Quite a view from high above the valley
After a brief interlude at the Coldstream vineyard for some respite, it was on to the exquisite Bella Vedere for a tasting and lunch. The 2010 MF wines look fantastic, and it was a great excercise to see how each vineyard had a different influence on the pinot and chardonnay varieties. It was also a great exercise in showing how diverse the Valley is from North to South, with robust and dark cherry characters for pinot in Dixons Creek (plus some interesting pepper and clove), to bright tight and red cherry/raspberry character in Woori Yallock. The Woori Yallock vineyard is clearly producing some excellent fruit as the 2010 Chardonnay and Pinot Noir were the highlights.

Some interesting discussion was enjoyed over the tasting, about the variety of styles exhibited in the range, and the nature of producing styles one is passionate about and enjoys drinking. Whilst I personally loved the Woori Yallock wines as they were reminiscent of some of my favourite Morgnington pinots, I noted that there were several wines that were more reflective of the broader Yarra Valley style that a lot of people would enjoy, particularly the Gruyere and Yarra Junction Pinots. Similarly there was a richer quality to the Hoddles Creek and Gruyere Chardonnays that I can appreciate, but prefer the austerity and minerality of the Woori Yallock Chardonnay.
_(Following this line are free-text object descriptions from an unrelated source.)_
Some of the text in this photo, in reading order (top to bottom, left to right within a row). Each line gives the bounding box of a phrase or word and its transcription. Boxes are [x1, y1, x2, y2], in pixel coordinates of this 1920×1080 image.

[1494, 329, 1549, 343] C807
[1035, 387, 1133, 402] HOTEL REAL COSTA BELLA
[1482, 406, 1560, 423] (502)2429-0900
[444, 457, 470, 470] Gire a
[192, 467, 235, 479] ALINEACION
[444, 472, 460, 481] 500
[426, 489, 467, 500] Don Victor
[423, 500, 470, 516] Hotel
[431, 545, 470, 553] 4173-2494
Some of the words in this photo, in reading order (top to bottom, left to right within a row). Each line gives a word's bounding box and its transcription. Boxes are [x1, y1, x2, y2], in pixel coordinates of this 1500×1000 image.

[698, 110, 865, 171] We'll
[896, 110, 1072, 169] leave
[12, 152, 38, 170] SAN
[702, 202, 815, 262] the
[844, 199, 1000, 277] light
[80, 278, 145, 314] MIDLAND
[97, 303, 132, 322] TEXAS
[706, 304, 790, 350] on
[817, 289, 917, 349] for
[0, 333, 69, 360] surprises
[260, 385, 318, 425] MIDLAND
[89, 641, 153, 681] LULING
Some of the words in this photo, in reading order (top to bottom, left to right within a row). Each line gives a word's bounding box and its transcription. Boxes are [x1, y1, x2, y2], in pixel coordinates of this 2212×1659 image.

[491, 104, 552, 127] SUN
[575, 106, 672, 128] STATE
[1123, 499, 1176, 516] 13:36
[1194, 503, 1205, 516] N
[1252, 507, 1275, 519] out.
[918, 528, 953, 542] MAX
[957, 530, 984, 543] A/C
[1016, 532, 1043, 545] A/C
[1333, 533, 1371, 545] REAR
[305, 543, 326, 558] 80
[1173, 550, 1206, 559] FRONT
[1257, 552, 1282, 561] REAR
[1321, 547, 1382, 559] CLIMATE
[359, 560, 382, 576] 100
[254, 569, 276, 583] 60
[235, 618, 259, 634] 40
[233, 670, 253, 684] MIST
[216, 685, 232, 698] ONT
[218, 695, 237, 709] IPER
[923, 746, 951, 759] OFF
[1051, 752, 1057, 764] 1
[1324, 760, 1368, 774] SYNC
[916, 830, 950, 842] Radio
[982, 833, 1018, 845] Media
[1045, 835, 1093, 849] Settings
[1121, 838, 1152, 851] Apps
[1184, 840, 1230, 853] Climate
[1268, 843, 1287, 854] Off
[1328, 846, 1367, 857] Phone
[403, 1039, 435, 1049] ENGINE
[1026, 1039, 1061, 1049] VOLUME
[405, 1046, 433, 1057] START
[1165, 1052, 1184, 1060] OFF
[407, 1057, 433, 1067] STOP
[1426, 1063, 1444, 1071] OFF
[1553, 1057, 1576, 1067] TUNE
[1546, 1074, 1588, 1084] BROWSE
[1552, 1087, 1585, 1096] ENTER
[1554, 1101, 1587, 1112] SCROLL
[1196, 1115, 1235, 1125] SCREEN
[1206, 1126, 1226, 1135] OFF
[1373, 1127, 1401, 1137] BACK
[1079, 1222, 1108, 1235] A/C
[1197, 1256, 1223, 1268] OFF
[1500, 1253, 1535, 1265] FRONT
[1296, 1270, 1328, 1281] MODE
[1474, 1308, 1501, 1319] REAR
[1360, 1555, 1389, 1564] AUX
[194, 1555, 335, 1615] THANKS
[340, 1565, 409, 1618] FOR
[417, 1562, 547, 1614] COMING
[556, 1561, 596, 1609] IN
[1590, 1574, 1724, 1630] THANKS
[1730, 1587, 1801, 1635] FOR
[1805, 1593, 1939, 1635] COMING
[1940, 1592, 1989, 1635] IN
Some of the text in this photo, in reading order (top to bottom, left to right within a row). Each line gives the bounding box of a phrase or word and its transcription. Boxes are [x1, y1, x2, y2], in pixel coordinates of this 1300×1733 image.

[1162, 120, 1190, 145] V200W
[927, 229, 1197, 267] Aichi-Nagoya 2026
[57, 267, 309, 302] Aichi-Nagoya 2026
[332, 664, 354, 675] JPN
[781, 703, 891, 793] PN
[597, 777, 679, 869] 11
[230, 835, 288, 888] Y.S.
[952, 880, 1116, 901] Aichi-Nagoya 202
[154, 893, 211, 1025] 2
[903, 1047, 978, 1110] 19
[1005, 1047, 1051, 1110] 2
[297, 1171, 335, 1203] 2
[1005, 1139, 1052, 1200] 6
Illustrious company indeed.
Back vintage Mac Forbes wines were lovingly imbibed over a delicious lunch prepared by Gary Cooper and team, accompanied by further discussion (some of which I had to edit out because it related to football). A couple of non-Mac Forbes wines were made available, including a 2010 SBS blend from one of the MF vineyards, and a delish white burgundy that Phillip RIch brings in. The magnums of Grand Cru Egly-Ouriet Rose open when we arrived were most definitely appreciated. I was interested to note Max Allen's passion for the Hugh Cabernet blend 2008, which is a personal fav and supports my assertion that YV Bordeaux blends should be done more in the YV. I was further interested to discover the 2007 vintage was even better for this wine, I'd love a chance to try that one, it'd go straight to the pool room.

A tasty morsel to kick lunch off.
Quite full and jolly I was kindly given a lift back into town, where I headed down to the docklands for the Nelson Trade Tasting. Highlights were undoubtedly the Leeuwin Estate wines (three vintage of Art Series Chardonnay, holy moly!), meeting the great Dan Buckle from Mount Langi Ghiran, and the 2007 Spinetta Barbaresco we enjoyed with a steak afterwards, although it was criminal to drink the wine so young and pay so much for it ($195, not happy Jan). All in all it was a great day, thanks to Mac and his team, and of course Rob and Stuart from Bibendum for including me.